[Opening Extracted entries section]

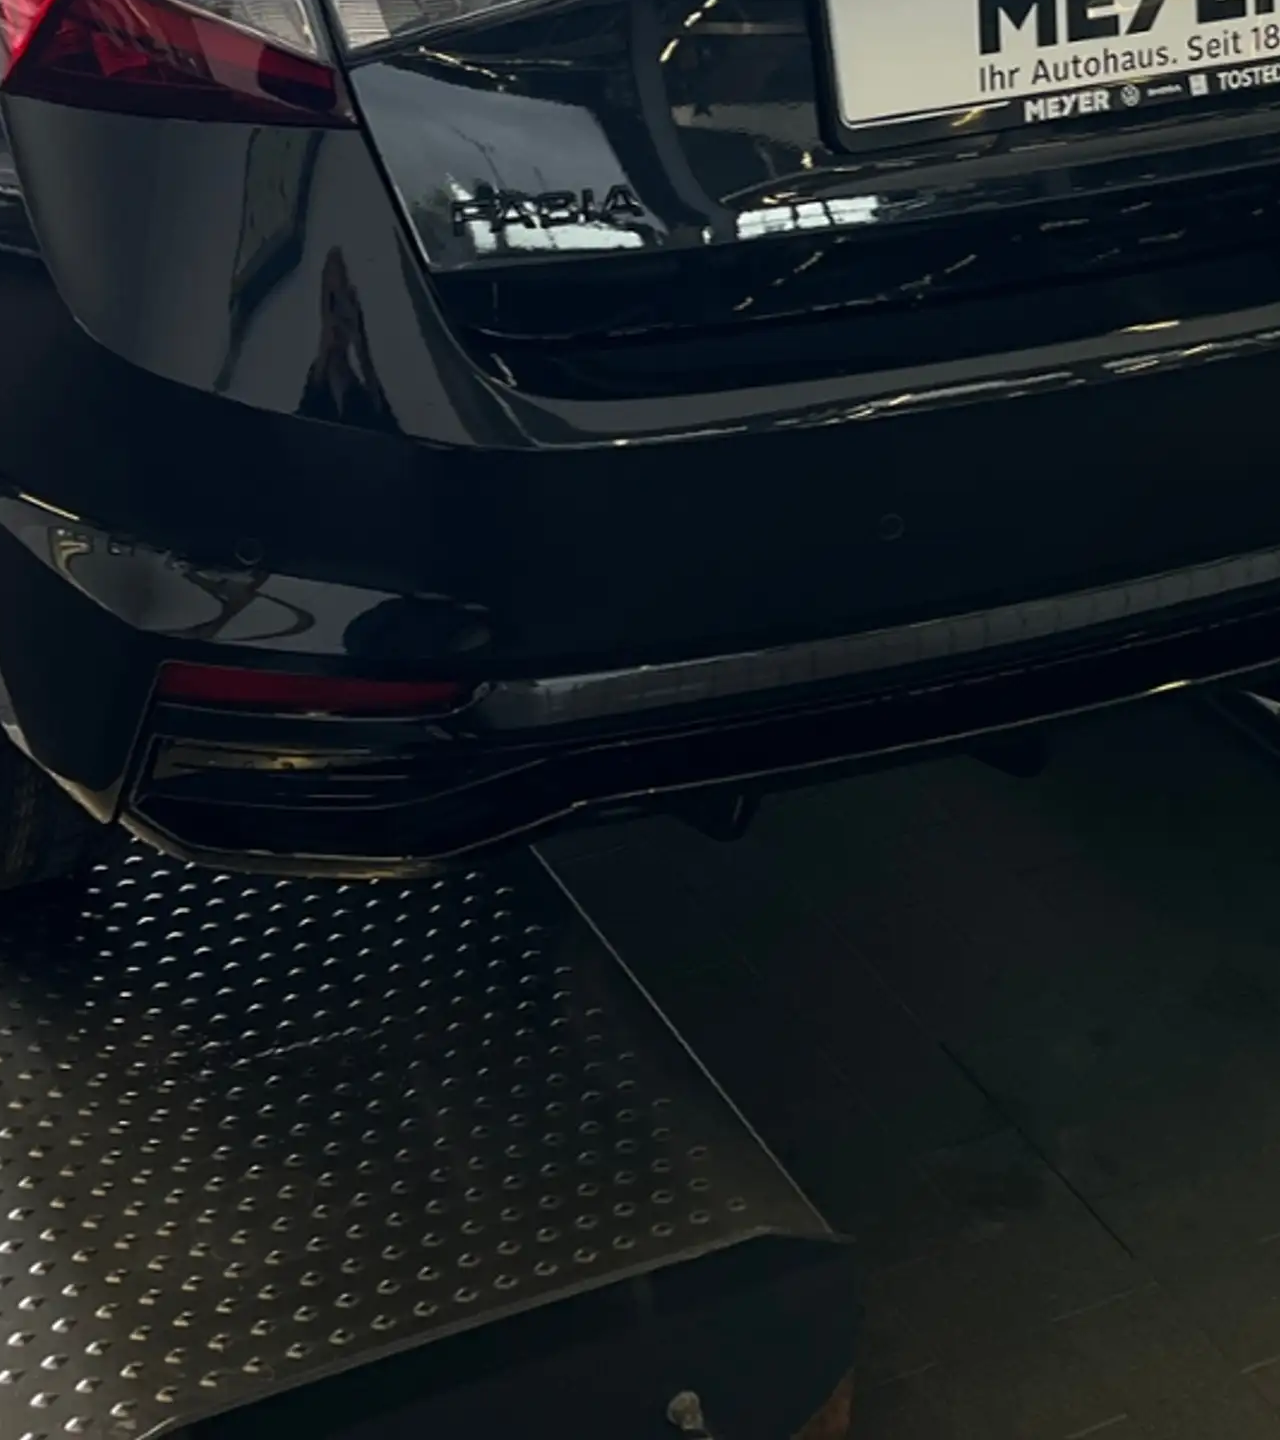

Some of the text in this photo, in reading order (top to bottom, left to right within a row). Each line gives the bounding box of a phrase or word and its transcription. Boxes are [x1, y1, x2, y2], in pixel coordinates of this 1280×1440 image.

[979, 64, 1020, 93] Ihr
[1031, 47, 1178, 86] Autohaus.
[1186, 29, 1243, 63] Seit
[1023, 88, 1111, 123] MEYER

[Closing Extracted entries section]

* Try it *
Every line of the data should be copied as it stands, without the images.

* Written solution *
Some of the text in this photo, in reading order (top to bottom, left to right within a row). Each line gives the bounding box of a phrase or word and its transcription. Boxes are [x1, y1, x2, y2], in pixel coordinates of this 1280×1440 image.

[979, 64, 1020, 93] Ihr
[1031, 47, 1178, 86] Autohaus.
[1186, 29, 1243, 63] Seit
[1023, 88, 1111, 123] MEYER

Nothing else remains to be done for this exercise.